Sous l'occupation allemande, le modernisme était formellement interdit, et les artistes étaient obligés de suivre les standards de l'oppression afin de continuer leur artisanat. ».À la fin de la Seconde Guerre Mondiale, le Pays-Bas est libéré, et le modernisme, tout comme les droits et libertés, retrouvent leur place dans la société néerlandaise. Le pays est néanmoins confronté à de nombreux problèmes, comme la reconstruction des infrastructure, le redressement de l'économie, et la crise du logement. Avec le retour de centaines de milliers de travailleurs forcés, de prisonniers d'Allemagne ou de Pologne, ces problématiques ne font que s'accentuer. Ce n’est qu’au début des années 1950, et avec l’aide du Plan Marshall US, que l’économie néerlandaise a pu se redresser. Les designers modernistes ont largement contribué à la remise en état du pays, en encourageant les usines de production et la consommation directe avec des nouveaux produits qui reflètent les besoins et styles de vie de l'après-guerre.

En 1946, des consommateurs, des hommes d’affaires, et des designers réunissent leurs forces pour créer le Stichting Goed Wonen, une fondation dont le but est de résoudre la pénurie de matériaux, et d'améliorer la qualité et le confort du quotidien par des produits fonctionnels au design attrayant. Dans cette organisation, on compte des designers comme Friso Kramer, Kho Liang Ie, et Wim Rietveld.  Rapidement, elle devient l'incarnation du « Modernisme moral » de l’avant-guerre : avec ses designs simples, honnêtes et fonctionnels, de quoi réenchanter tous les designers déçus par les idéaux ambitieux et trop théoriques comme ceux de l'école De Stijl, par exemple. Les designers conservent ces idéaux après la guerre, tout en mettant l’accent sur la reconstruction d’un pays ravagé par la guerre, tant sur le plan économique, par l’intermédiaire de l’augmentation de la fabrication, que sur le plan psychologique, à travers des produits magnifiques et bien conçus.

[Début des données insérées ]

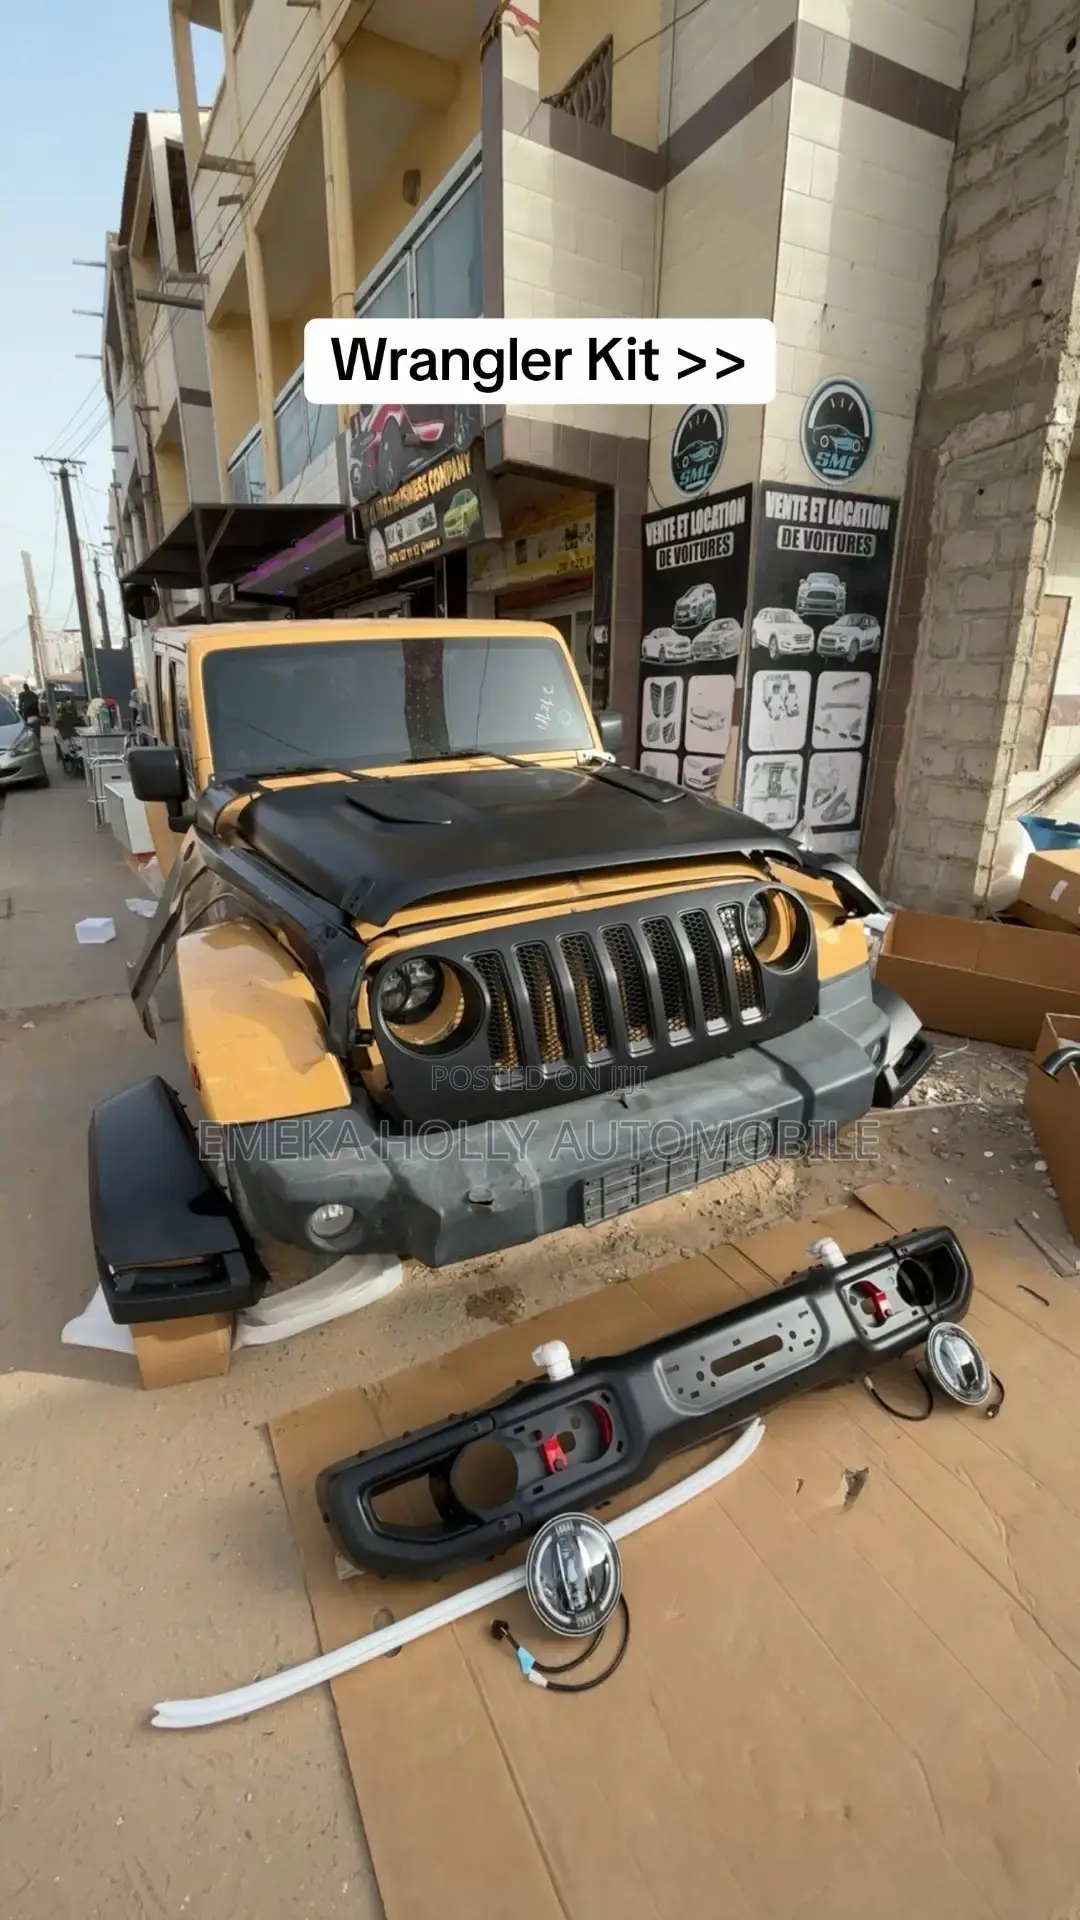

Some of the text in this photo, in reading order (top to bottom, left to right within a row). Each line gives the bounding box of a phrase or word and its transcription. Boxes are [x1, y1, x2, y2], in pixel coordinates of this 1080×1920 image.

[428, 450, 472, 495] COMPANY
[678, 462, 712, 486] SMC
[814, 451, 860, 472] SMC
[645, 496, 747, 547] VENTE ET LOCATION
[765, 490, 891, 530] VENTE ET LOCATION
[658, 535, 731, 569] DE VOITURES
[781, 528, 873, 555] DE VOITURES

De 1948 à 1968, Stichting Goed Wonen s'est faite ambassadrice du "bon design", avec son magazine et son programme d'expositions et de lectures. Grâce à la popularité des actions de la fondation, des dizaines de milliers de personnes ont inondé ses showrooms à la recherche de conseils et d’inspirations. Goed Wonen a largement contribué aux designs pratiques, sans décoration superflue, basés sur le principe de l'économie de matériau. Tel est le cas de l'armoire basse sur quatre pieds fins faîte sur mesure par Cees Braakman pour UMS Pastoe,  du plafonnier Counter Balance Ceiling Lamp par J. J. M. Hoogervorstpour Anvia (1950), du BR02 Sofa Bed minimaliste de Martin Visser pour ‘t Spectrum (1958-1960), et des Pyramid Tables and Chairs multifonctionelles par Wim Rietveld pour Ahrend De Cirkel (1960). Le Wilma Tea Service par Edmond Belfroid pour Mosa, réservé mais chaleureux, a également retenu l'attention de la fondation, avec ses lignes épurés, ses matériaux monochromes, et son humilité. Même si les philosophies De Stijl ne s’appliquaient plus à l’après-guerre, leur objectif en matière de formes géométriques, et de réduction des formes a perduré.

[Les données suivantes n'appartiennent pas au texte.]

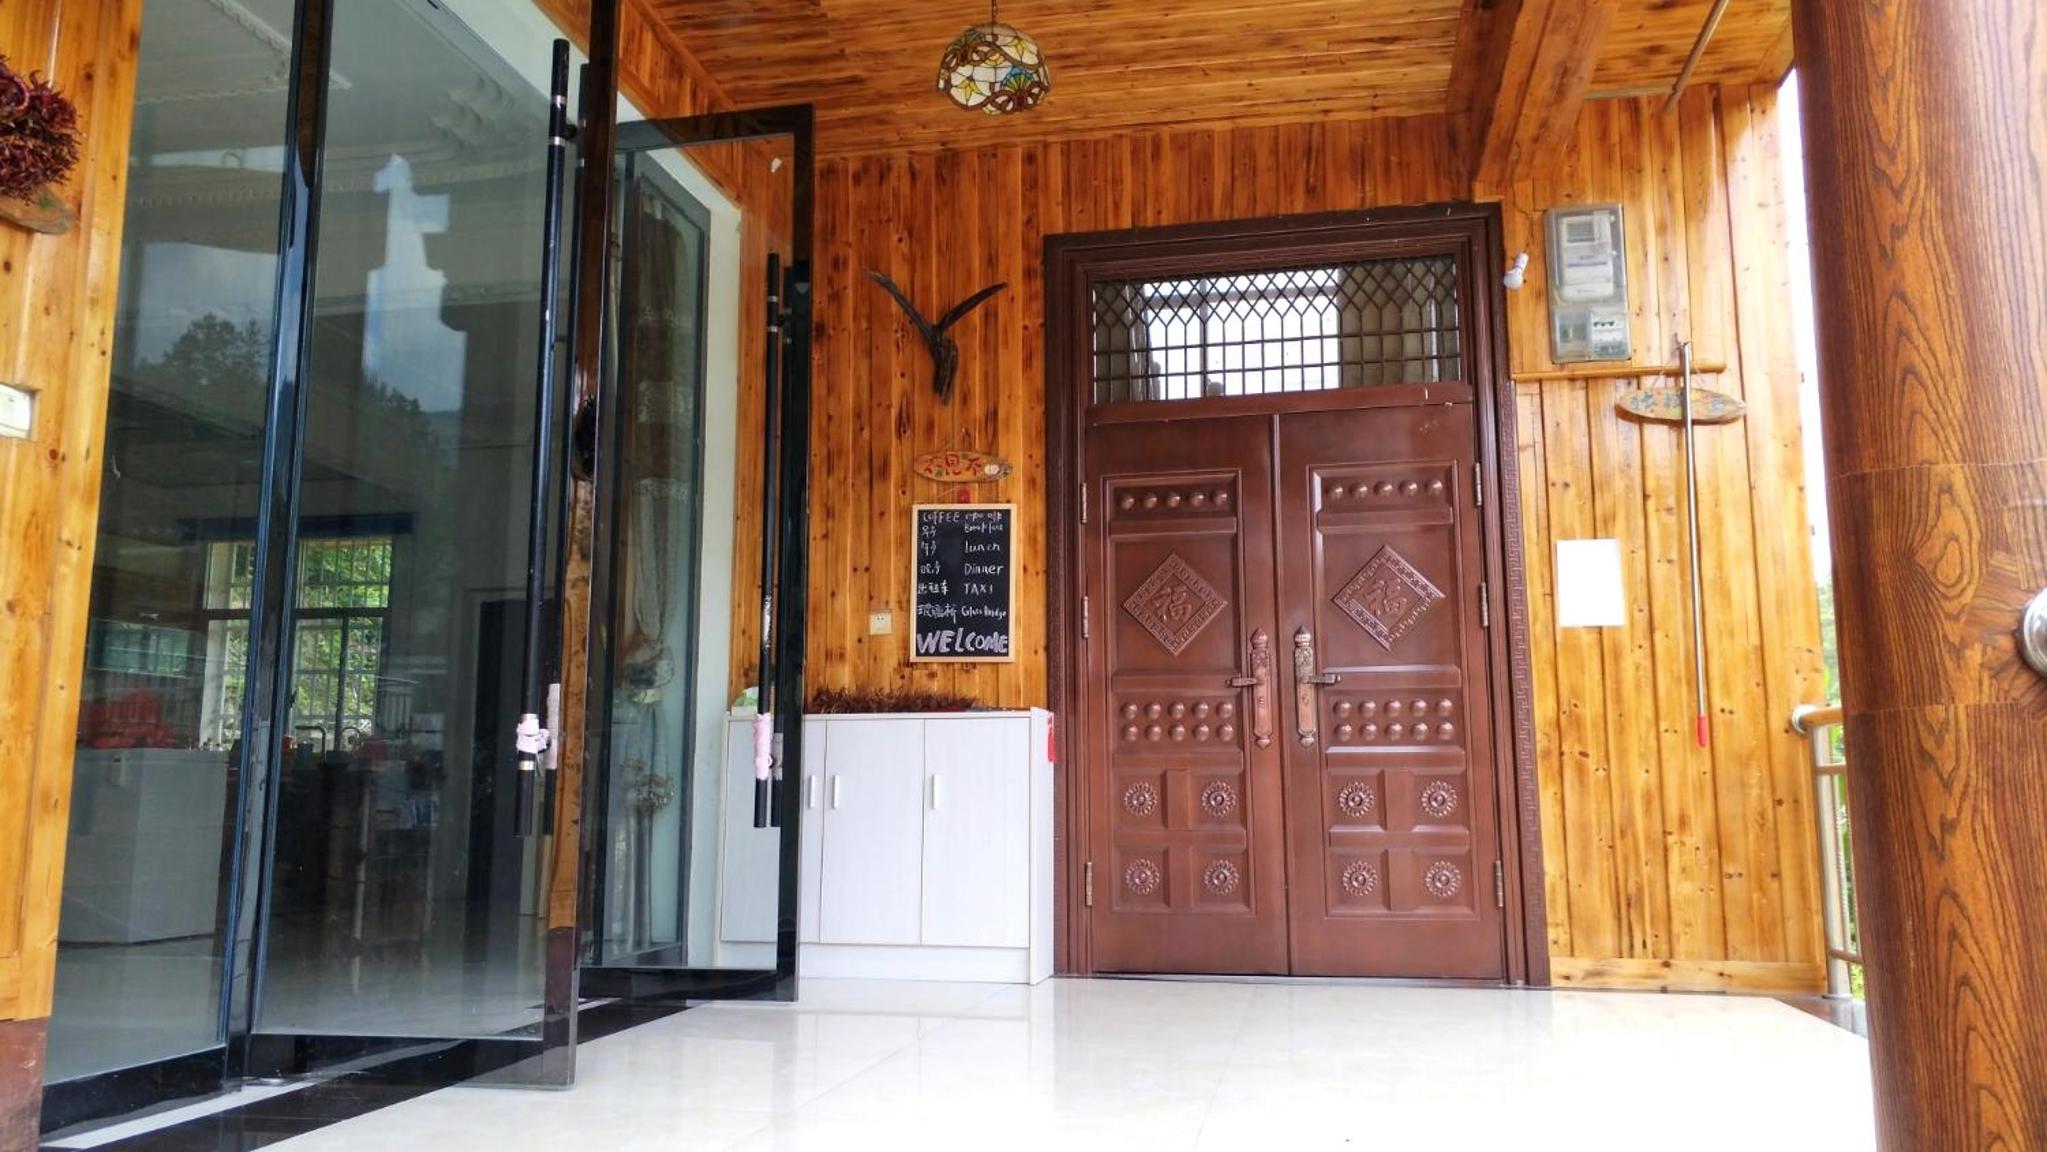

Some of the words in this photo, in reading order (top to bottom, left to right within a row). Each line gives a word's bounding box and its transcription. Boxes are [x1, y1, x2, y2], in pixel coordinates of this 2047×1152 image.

[923, 511, 960, 525] COFFEE
[964, 563, 1005, 576] Dinner
[917, 579, 949, 596] 出租车
[964, 583, 994, 596] TAXI
[916, 627, 1009, 654] WELCOME

Les néerlandais ont également puisé leur inspiration à l’étranger, avec les allemands Marcel Breuer, Ludwig Mies van der Rohe, de l’école Bauhaus, ainsi que différents designers scandinaves comme Herman Miller  jusqu’au travail de Charles & Ray Eames  aux Etats-Unis. De nombreux designers, dont certains financés par le gouvernement néerlandais, ont visité les Etats-Unis à la fin des années 1940 et 1950. Beaucoup d’autres ont pu admirer les designs étrangers dans les magazines et les expositions. D’innombrables designers néerlandais étaient animés par l’approche expérimentale du duo Eames qui réalisaient des formes modestes et épurées en pliant du bois, comme pour leurs LCW et DCW Chairs. La force de cette influence est apparente dans de nombreux designs néerlandais des années 1950, comme la Revolt Chair par Friso Kramer pour Ahrend de Cirkel (1953), la Danish Chair par Gerrit Rietveld pour Tomado (1946–1950), les designs en contreplaqué courbé par Cor Alons pour Lutjens/de Boer (vers 1950), et la SB02 Chair par Cees Braakman pour UMS-Pastoe (1952–1954). Sans pour autant faire des copies conformes, les designers néerlandais se sont inspirés des formes, matériaux et efforts des Eames, et de leurs efforts et innovations en vue de la production de masse.

Vaisselle en Porcelaine Wilma par Edmond Bellefroid pour Mosa (1953)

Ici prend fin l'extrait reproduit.